(Stored items from a collection)
━━━

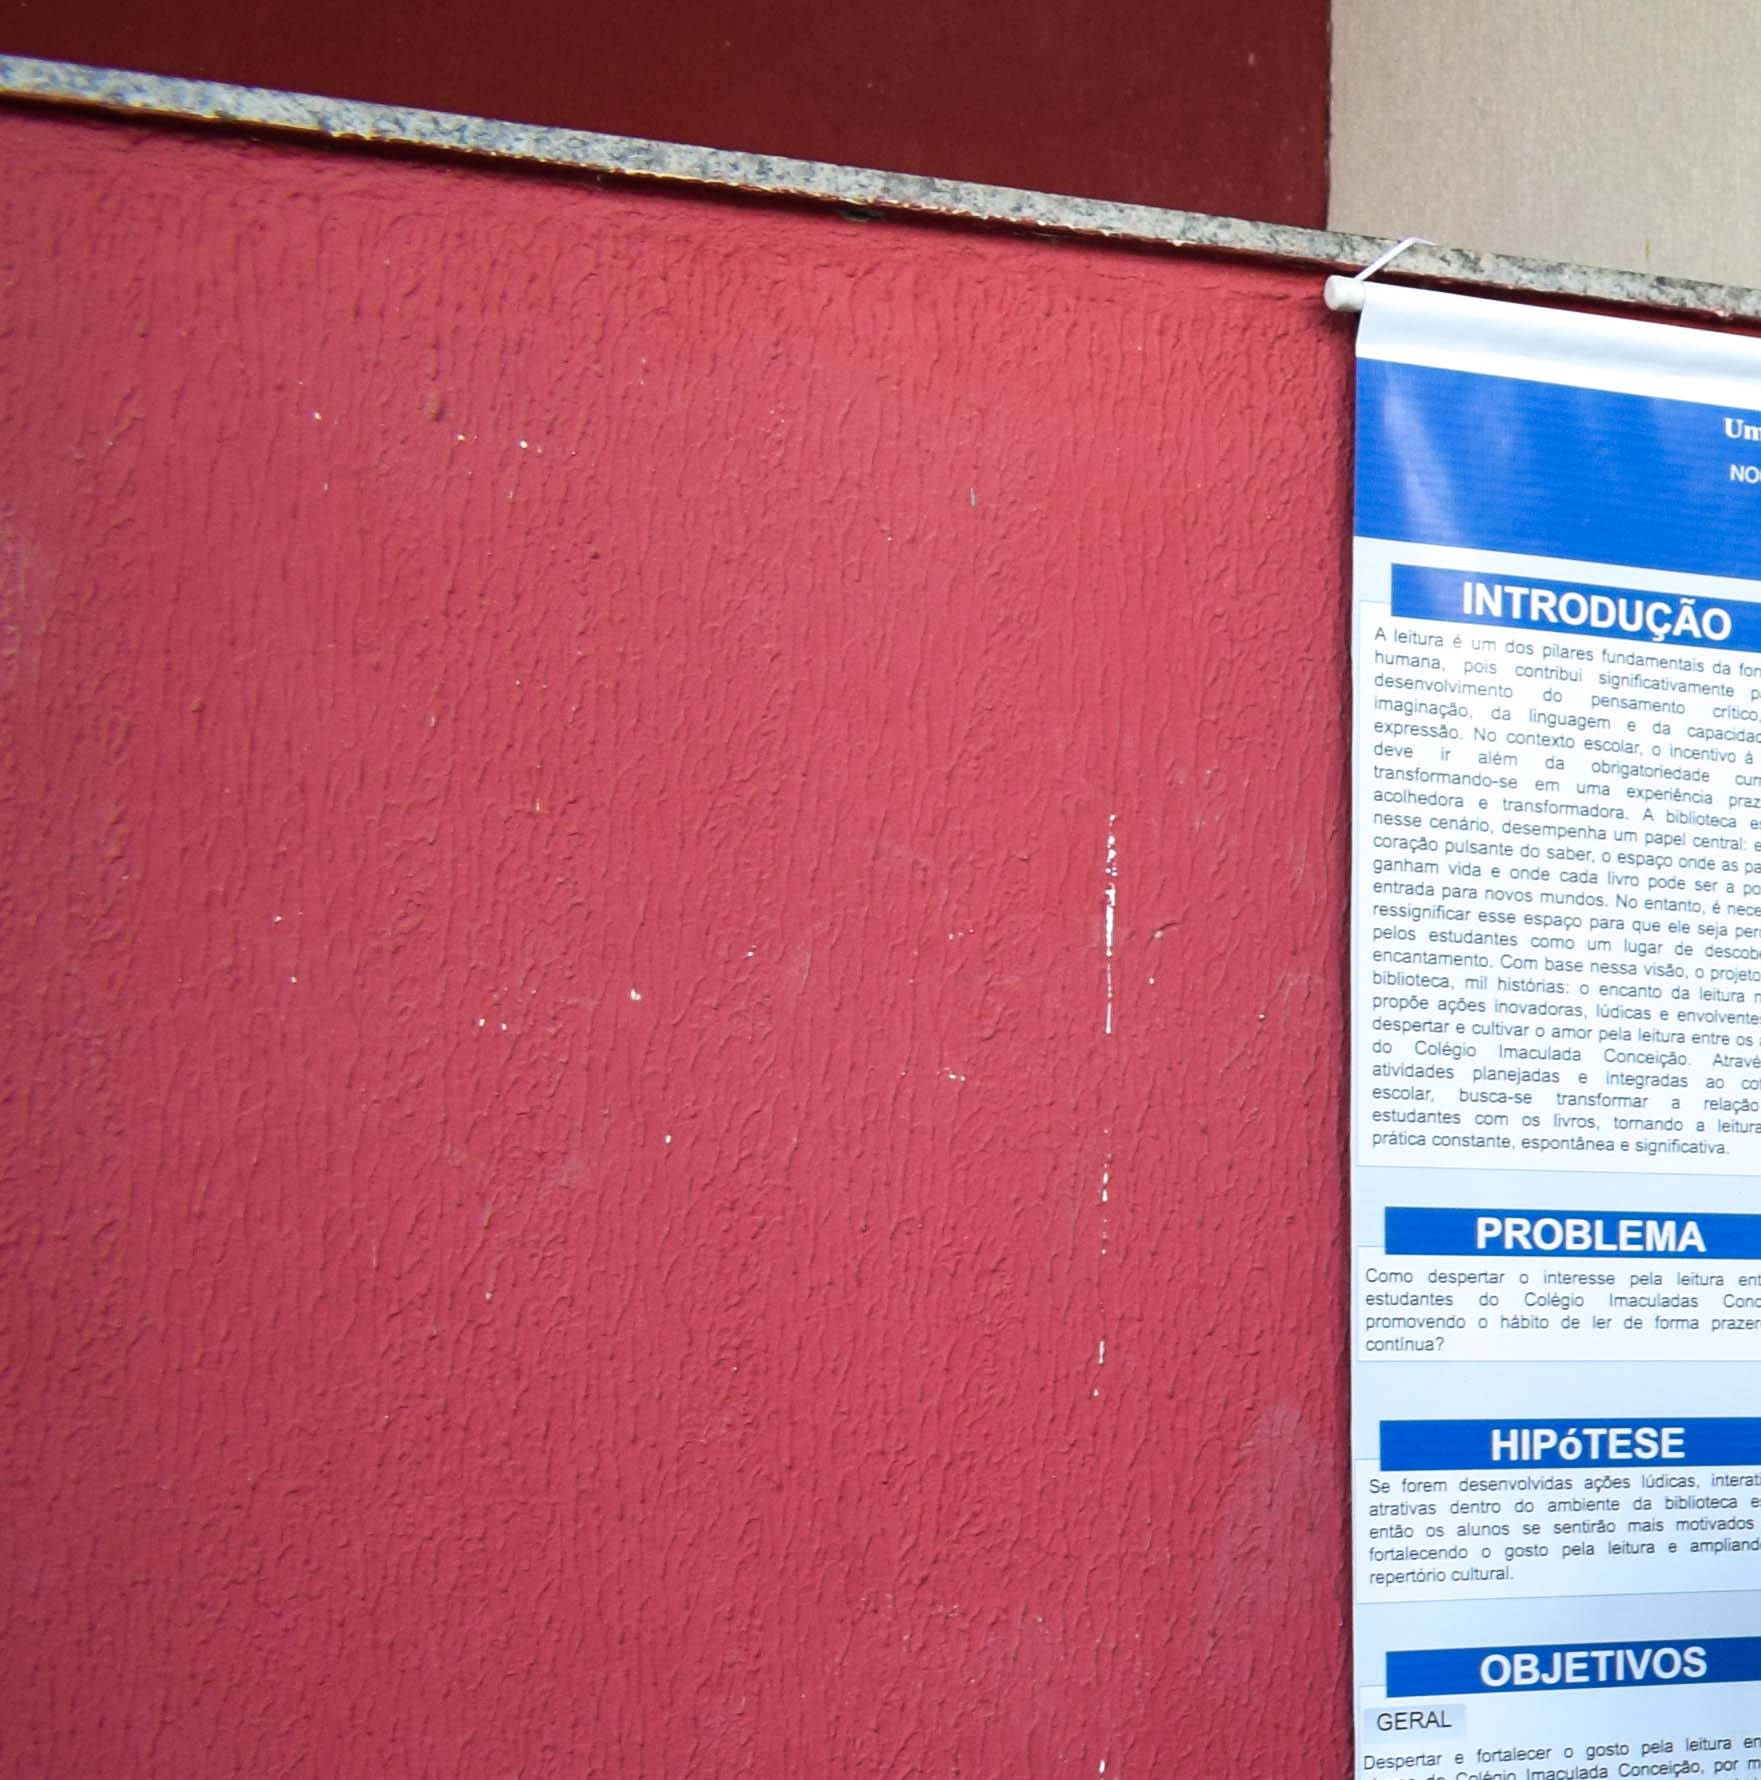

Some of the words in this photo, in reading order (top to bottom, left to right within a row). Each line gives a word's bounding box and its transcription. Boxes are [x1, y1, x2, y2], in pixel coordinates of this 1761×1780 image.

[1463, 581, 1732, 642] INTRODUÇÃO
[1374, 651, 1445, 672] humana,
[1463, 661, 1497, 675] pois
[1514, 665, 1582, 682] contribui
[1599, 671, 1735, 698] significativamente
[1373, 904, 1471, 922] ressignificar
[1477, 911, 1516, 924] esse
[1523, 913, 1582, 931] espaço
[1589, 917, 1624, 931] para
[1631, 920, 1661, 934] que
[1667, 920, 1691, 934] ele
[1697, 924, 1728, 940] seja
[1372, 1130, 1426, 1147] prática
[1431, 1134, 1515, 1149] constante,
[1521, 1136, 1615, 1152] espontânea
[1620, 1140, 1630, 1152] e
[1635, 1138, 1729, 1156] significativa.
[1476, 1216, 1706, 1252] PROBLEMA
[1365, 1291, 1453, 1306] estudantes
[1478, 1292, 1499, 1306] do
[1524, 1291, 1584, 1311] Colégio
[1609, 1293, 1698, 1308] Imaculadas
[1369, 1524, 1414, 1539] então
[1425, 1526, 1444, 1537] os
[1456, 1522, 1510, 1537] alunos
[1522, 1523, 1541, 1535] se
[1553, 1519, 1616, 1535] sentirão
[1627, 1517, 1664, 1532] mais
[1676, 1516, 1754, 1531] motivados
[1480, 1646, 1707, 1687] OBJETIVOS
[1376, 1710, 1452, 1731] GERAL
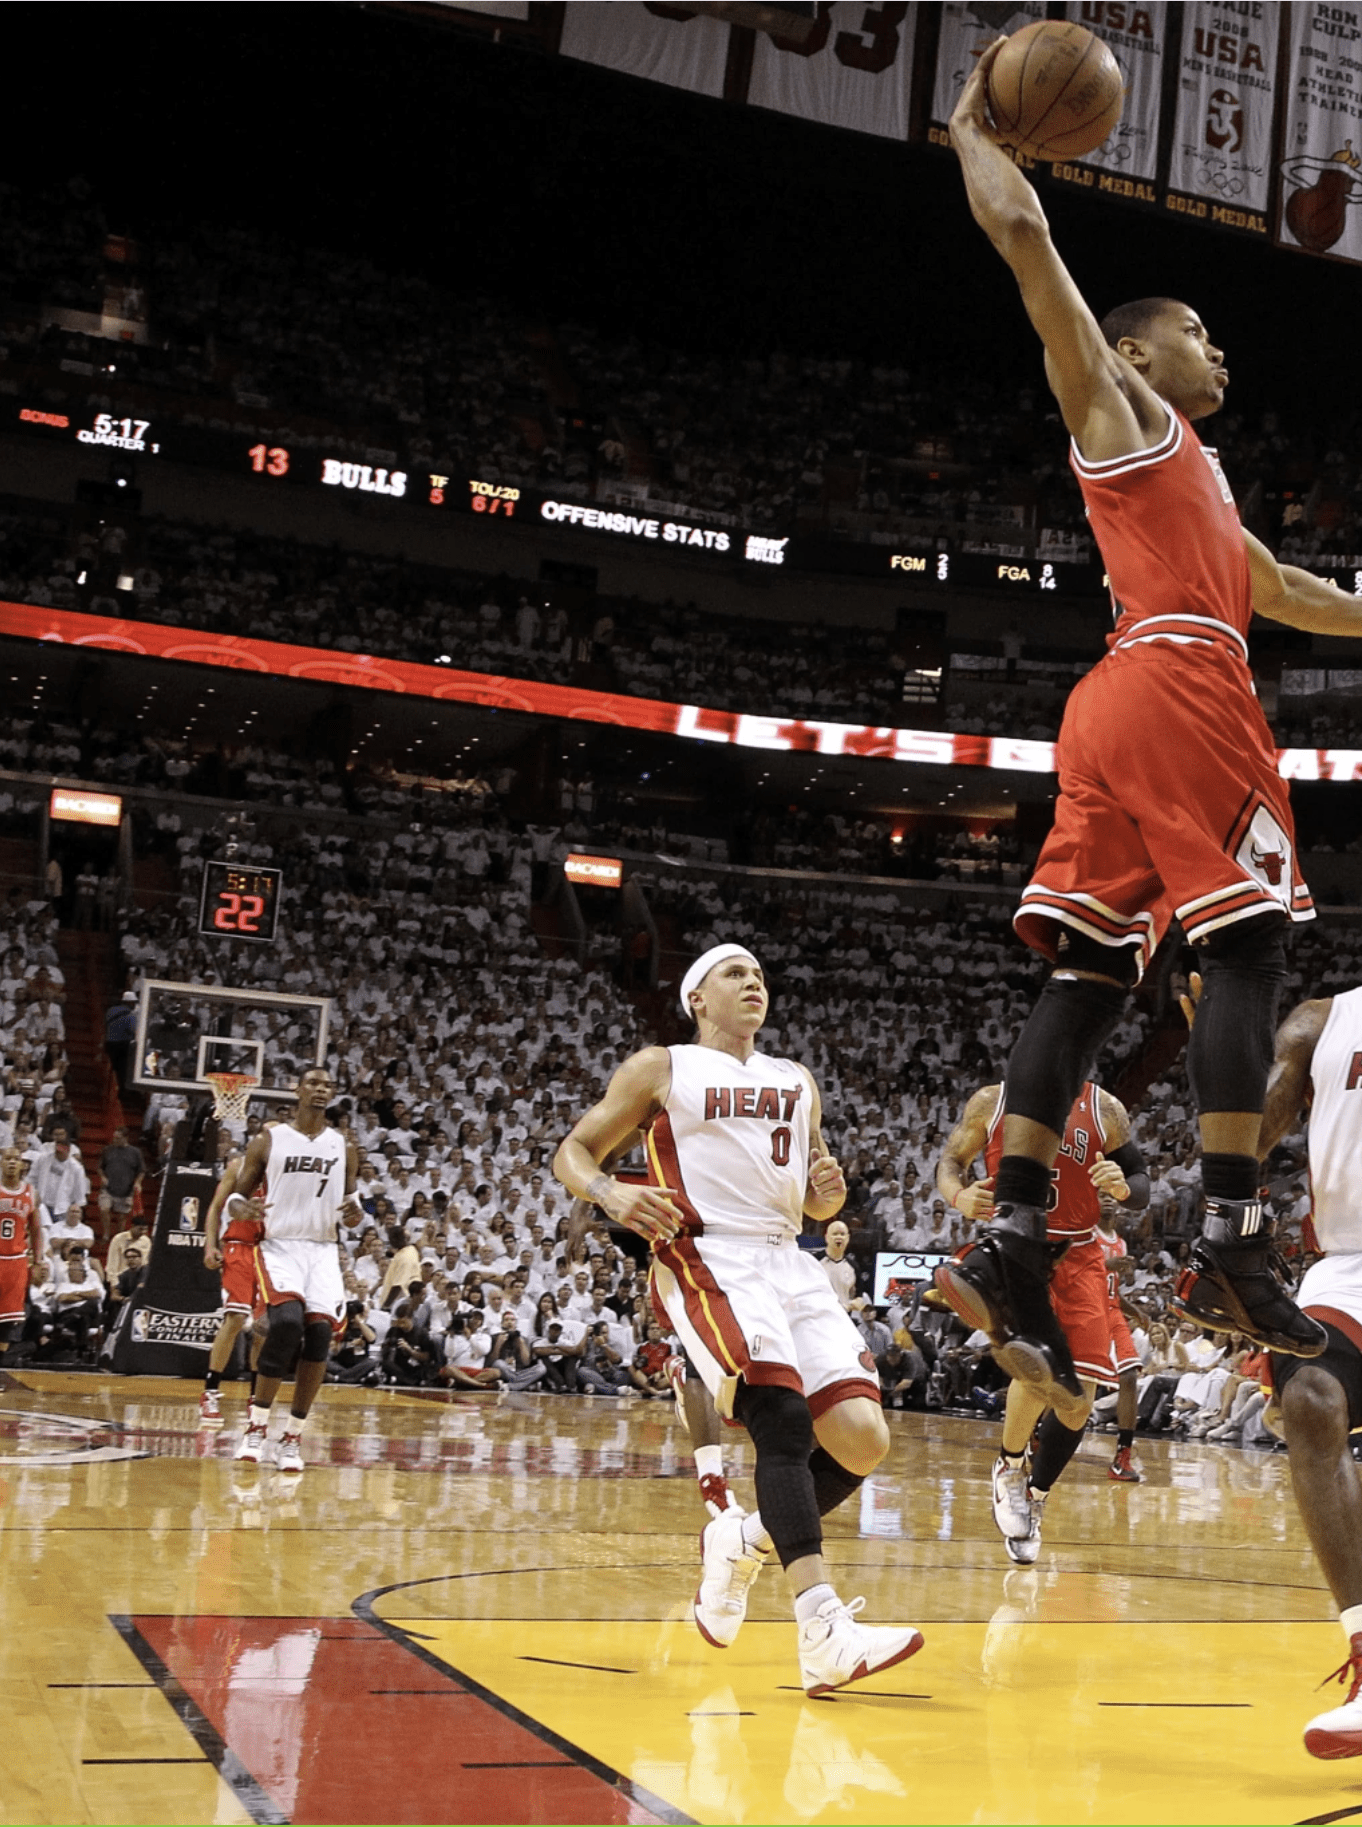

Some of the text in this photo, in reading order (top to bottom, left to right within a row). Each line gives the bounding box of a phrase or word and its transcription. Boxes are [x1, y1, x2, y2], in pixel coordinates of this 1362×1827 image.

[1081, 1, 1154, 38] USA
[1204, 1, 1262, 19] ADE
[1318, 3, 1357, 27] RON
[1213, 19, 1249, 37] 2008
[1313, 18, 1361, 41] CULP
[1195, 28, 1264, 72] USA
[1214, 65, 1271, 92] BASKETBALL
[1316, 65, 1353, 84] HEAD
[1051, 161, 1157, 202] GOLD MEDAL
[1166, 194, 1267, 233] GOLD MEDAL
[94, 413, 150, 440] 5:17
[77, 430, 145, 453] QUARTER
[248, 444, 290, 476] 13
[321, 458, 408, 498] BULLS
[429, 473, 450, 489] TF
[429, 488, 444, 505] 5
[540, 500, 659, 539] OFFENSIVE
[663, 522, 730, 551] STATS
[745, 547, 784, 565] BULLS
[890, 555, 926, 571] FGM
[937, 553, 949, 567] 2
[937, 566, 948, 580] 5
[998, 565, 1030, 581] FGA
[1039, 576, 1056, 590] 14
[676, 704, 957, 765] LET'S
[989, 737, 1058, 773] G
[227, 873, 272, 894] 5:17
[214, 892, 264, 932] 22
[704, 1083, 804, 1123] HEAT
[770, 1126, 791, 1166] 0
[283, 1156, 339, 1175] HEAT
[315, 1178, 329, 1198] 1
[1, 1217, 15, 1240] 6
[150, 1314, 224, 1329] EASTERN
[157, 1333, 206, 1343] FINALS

━━━

*Task*:
Lines from the one that contains "Some of the text" through the final line of the entries must be duplicated exactly, and no other lines.

*Output*:
Some of the text in this photo, in reading order (top to bottom, left to right within a row). Each line gives the bounding box of a phrase or word and its transcription. Boxes are [x1, y1, x2, y2], in pixel coordinates of this 1362×1827 image.

[1081, 1, 1154, 38] USA
[1204, 1, 1262, 19] ADE
[1318, 3, 1357, 27] RON
[1213, 19, 1249, 37] 2008
[1313, 18, 1361, 41] CULP
[1195, 28, 1264, 72] USA
[1214, 65, 1271, 92] BASKETBALL
[1316, 65, 1353, 84] HEAD
[1051, 161, 1157, 202] GOLD MEDAL
[1166, 194, 1267, 233] GOLD MEDAL
[94, 413, 150, 440] 5:17
[77, 430, 145, 453] QUARTER
[248, 444, 290, 476] 13
[321, 458, 408, 498] BULLS
[429, 473, 450, 489] TF
[429, 488, 444, 505] 5
[540, 500, 659, 539] OFFENSIVE
[663, 522, 730, 551] STATS
[745, 547, 784, 565] BULLS
[890, 555, 926, 571] FGM
[937, 553, 949, 567] 2
[937, 566, 948, 580] 5
[998, 565, 1030, 581] FGA
[1039, 576, 1056, 590] 14
[676, 704, 957, 765] LET'S
[989, 737, 1058, 773] G
[227, 873, 272, 894] 5:17
[214, 892, 264, 932] 22
[704, 1083, 804, 1123] HEAT
[770, 1126, 791, 1166] 0
[283, 1156, 339, 1175] HEAT
[315, 1178, 329, 1198] 1
[1, 1217, 15, 1240] 6
[150, 1314, 224, 1329] EASTERN
[157, 1333, 206, 1343] FINALS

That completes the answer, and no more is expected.